De Britse regering is namelijk al enige tijd aan het schrijven aan wetten die de verantwoordelijkheid voor software fatsoeneren. Net als bij auto’s en wasmachines moeten fabrikanten en verkopers zorgen voor deugdelijke producten.
Elke brancheorganisatie die IT resellers vertegenwoordigt is vanaf de start faliekant tegen dit soort wetgeving. De omvang van de steun die ze voor het protest uit Amerika ontvangen is zeer waarschijnlijk meer dan alleen de instemmende geluiden. De lobby tot op het hoogste niveau heeft jaren voor vertraging gezorgd, maar die route werkt niet meer.
De CTO van het Britse NCSC heeft laatst weer eens on the record aangegeven (bron) dat er op dit moment geen prikkels zijn voor makers en verkopers om tot betere software te komen. Klanten zijn gewoon altijd de pineut en niet in staat betere kwaliteit af te dwingen.
CSR
Omdat de markt niet voor de juiste prikkels zorgt en betere producten zal de Cyber Security and Resilience (CSR) Bill de mogelijkheden voor het opleggen van boetes makkelijk maken. Maximale boetes van 100.000 GBP per dag staan in de laatste versie van het wetsvoorstel.
Dat is niet zomaar een stok achter de deur, elke MSP zal zeer onrustig moeten worden. Blijven wijzen naar de eindklanten als verantwoordelijk voor de juiste werking van software (dat is boodschap van de makers en wederverkopers tot nu toe geweest) maakt duidelijk geen indruk meer. Een MSP kan zodra deze wet van kracht is niet meer zorgeloos ergens wat software uit een cloud plukken en doorschuiven naar de klant. Hij moet kunnen aantonen de werking gecontroleerd te hebben en dat te blijven doen. Distributeurs en marktplaatsen zullen hierdoor ook getroffen worden. Diensten aanbieden zonder te weten of die wel veilig zijn wordt zo wel heel erg moeilijk.
Een horrorverhaal of verlate 1 april grap? Nee, alles behalve dat. De Britse regering wil een hogere cyberweerbaarheid van het land en staat niet langer toe dat leveranciers amper verantwoordelijk gehouden kunnen worden. Om aan te geven dat het de regering ernst is: het verplicht melden van incidenten moet onder de nieuwe wet binnen 24 uur plaatsvinden, dat is nu nog 72 uur. Dat betekent nog al wat voor de MSP’s en andere IT dienstverleners.

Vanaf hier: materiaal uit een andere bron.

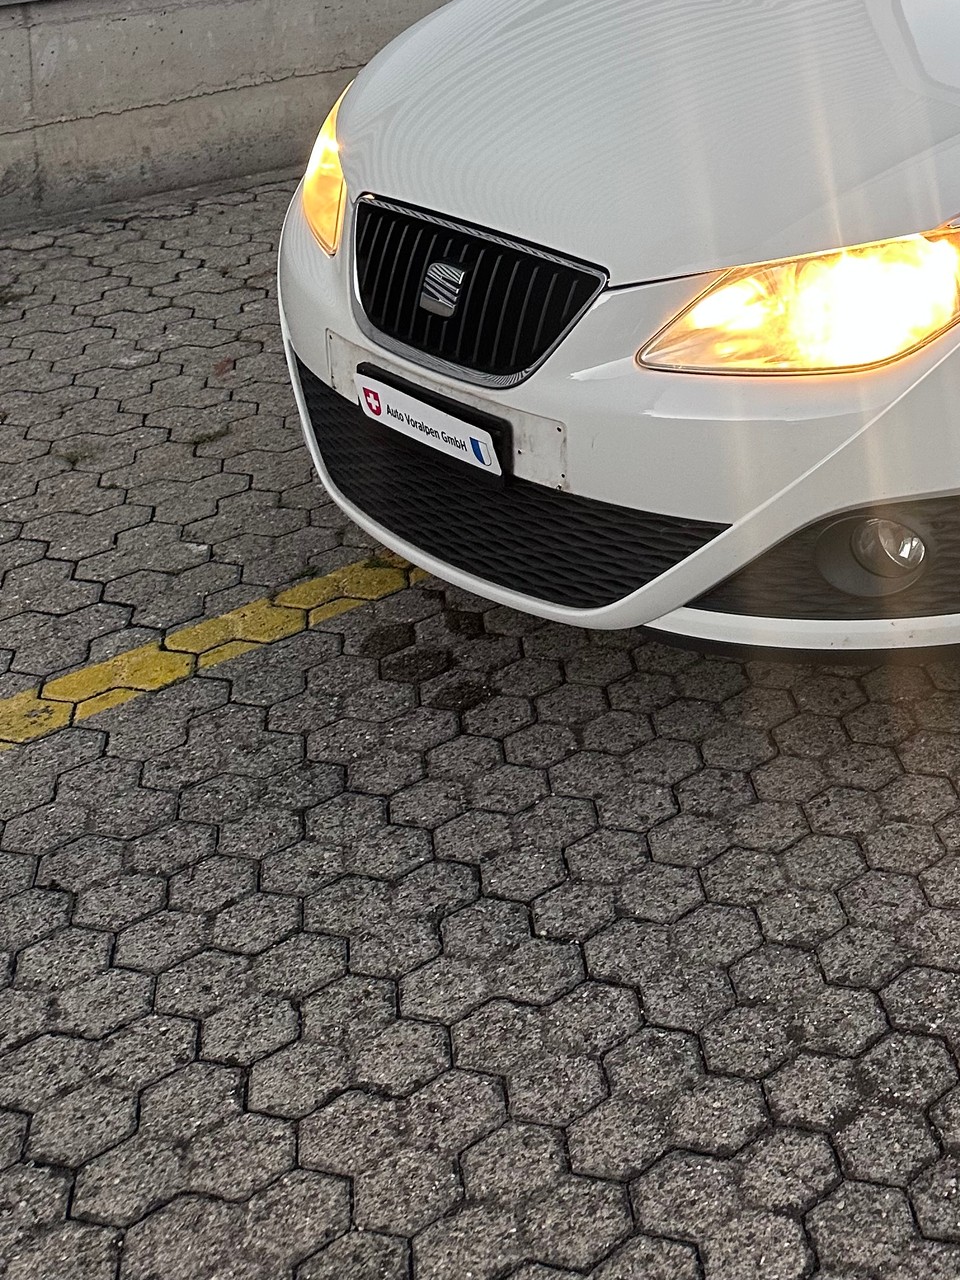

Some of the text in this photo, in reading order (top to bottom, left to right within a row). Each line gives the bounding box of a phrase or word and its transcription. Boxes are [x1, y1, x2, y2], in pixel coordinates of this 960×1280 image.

[386, 404, 468, 452] Auto Voralpen GmbH

Overigens, de Britten staan niet alleen met deze harde aanpak. De EU CSA, wijkt hier niet veel van af. Het grote verschil is dat de Britse pers het onderwerp heeft opgepakt en dat regering en toezichthouders via dat kanaal het onderwerp hoog op de agenda weten te houden. Onder andere door de concreet te maken wat de hoogte van de boetes is die voor MSP’s dreigen.